Consumption of wine is low to moderate, as well as consumption of eggs, red meat, and dairy.
What are some examples of typically Mediterranean Foods?
- Olive oil
What about Saturated Fat?
Although Mediterranean diets tend to have more fat, it is good fats from fish and olive oil. A typical Mediterranean diet has far less saturated fat than a typical American diet. Monounsaturated fat does not raise cholesterol levels in the blood, unlike saturated fat.
What is Rheumatoid Arthritis?
Rheumatoid arthritis is caused by an autoimmune deficiency. In rheumatoid arthritis, white blood cells become confused and attack the lining of the joints instead of foreign invaders. The symptoms include pain, chronic inflammation, and stiffness in the joints.

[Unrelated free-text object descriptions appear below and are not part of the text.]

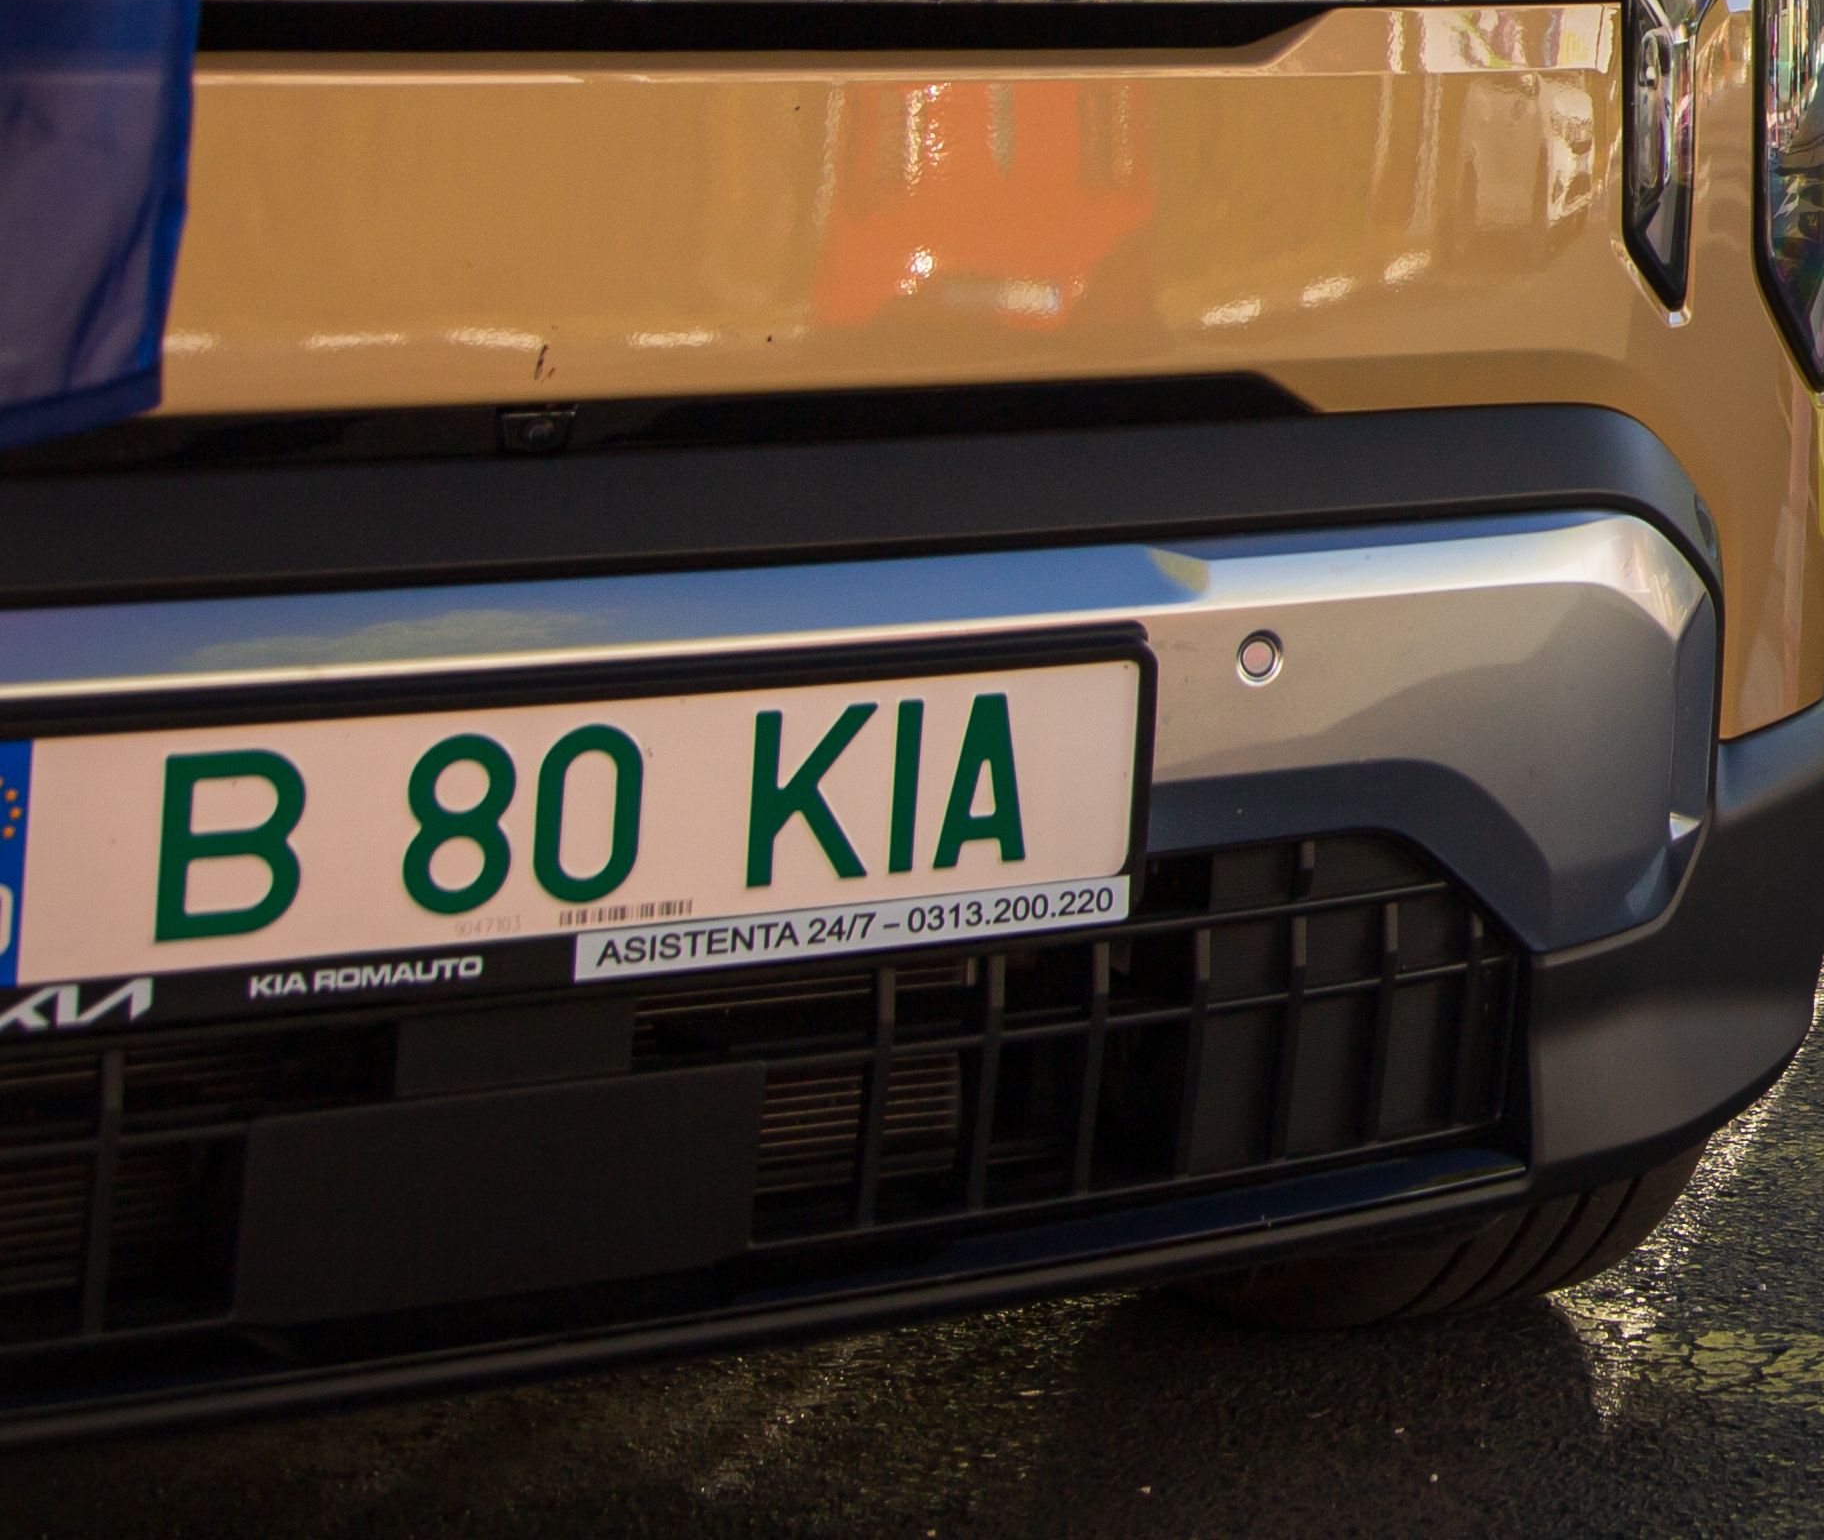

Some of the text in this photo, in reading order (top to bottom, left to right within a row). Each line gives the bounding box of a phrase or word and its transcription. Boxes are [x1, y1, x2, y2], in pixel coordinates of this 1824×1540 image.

[153, 691, 1026, 944] B 80 KIA
[596, 920, 800, 967] ASISTENTA
[807, 907, 877, 947] 24/7
[905, 885, 1115, 934] 0313.200.220
[250, 956, 484, 998] KIA ROMAUTO
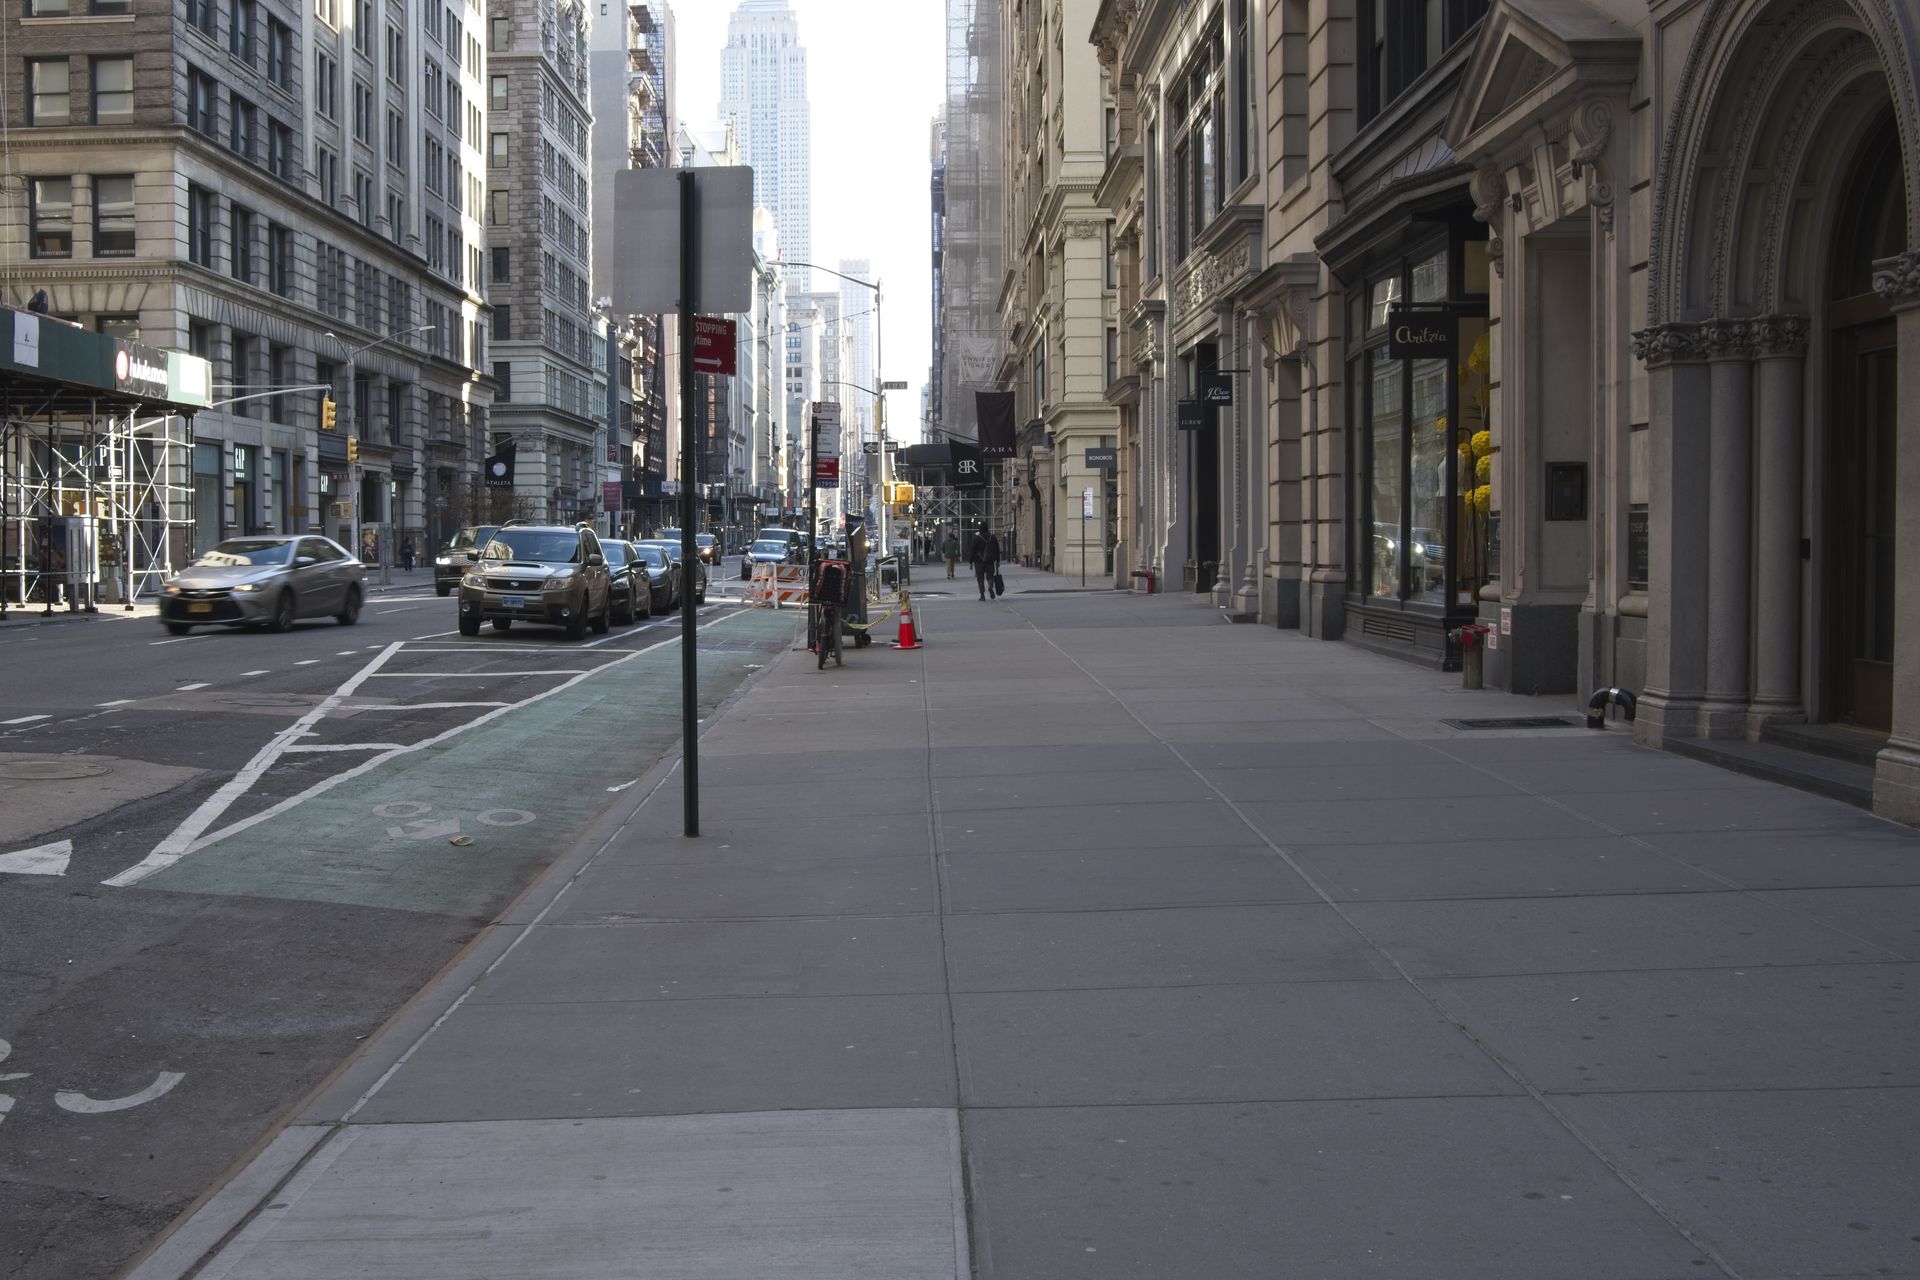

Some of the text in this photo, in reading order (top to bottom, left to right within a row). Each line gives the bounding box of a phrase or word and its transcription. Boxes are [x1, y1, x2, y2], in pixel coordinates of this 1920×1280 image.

[695, 321, 727, 335] STOPPING
[1395, 325, 1448, 344] Aritzia
[129, 355, 168, 385] lululemon
[235, 448, 245, 469] GAP
[320, 475, 329, 492] GAP

What are the health benefits of a Mediterranean Diet?
Since this type of diet is high in antioxidants and healthy fats, it can improve general health and reduce inflammation. After up to six months of following the diet, you should begin to notice less pain, stiffness, and inflammation in your joints. Following this diet may also help lower your cholesterol. The diet may also reduce the risk of heart disease and cancer.
How can I get started on a Mediterranean Diet?
Studies show that women with rheumatoid arthritis who attended a hands-on cooking class on Mediterranean cooking were much more likely to increase their intake of healthy fruits, vegetables, and monounsaturated fats than women who simply received written instructions. Therefore, you may want to join a class that teaches nutrition and Mediterranean foods and cooking techniques.
What Else can I do to Protect Myself?
In addition to following a healthy diet, rest, exercise, and joint protection are very important.
- Walking, bicycling, and swimming are all ways to get exercise without putting too much stress on your joints. Exercise improves muscle tone, flexibility, and overall health.
- Protect your joints from further damage by using assisting devices like special kitchen tools and canes or walkers to get around.
- Make sure to get enough rest. You may find it is necessary to rest for short periods during the day. However, getting too much rest can increase pain and stiffness, so make sure you stay active.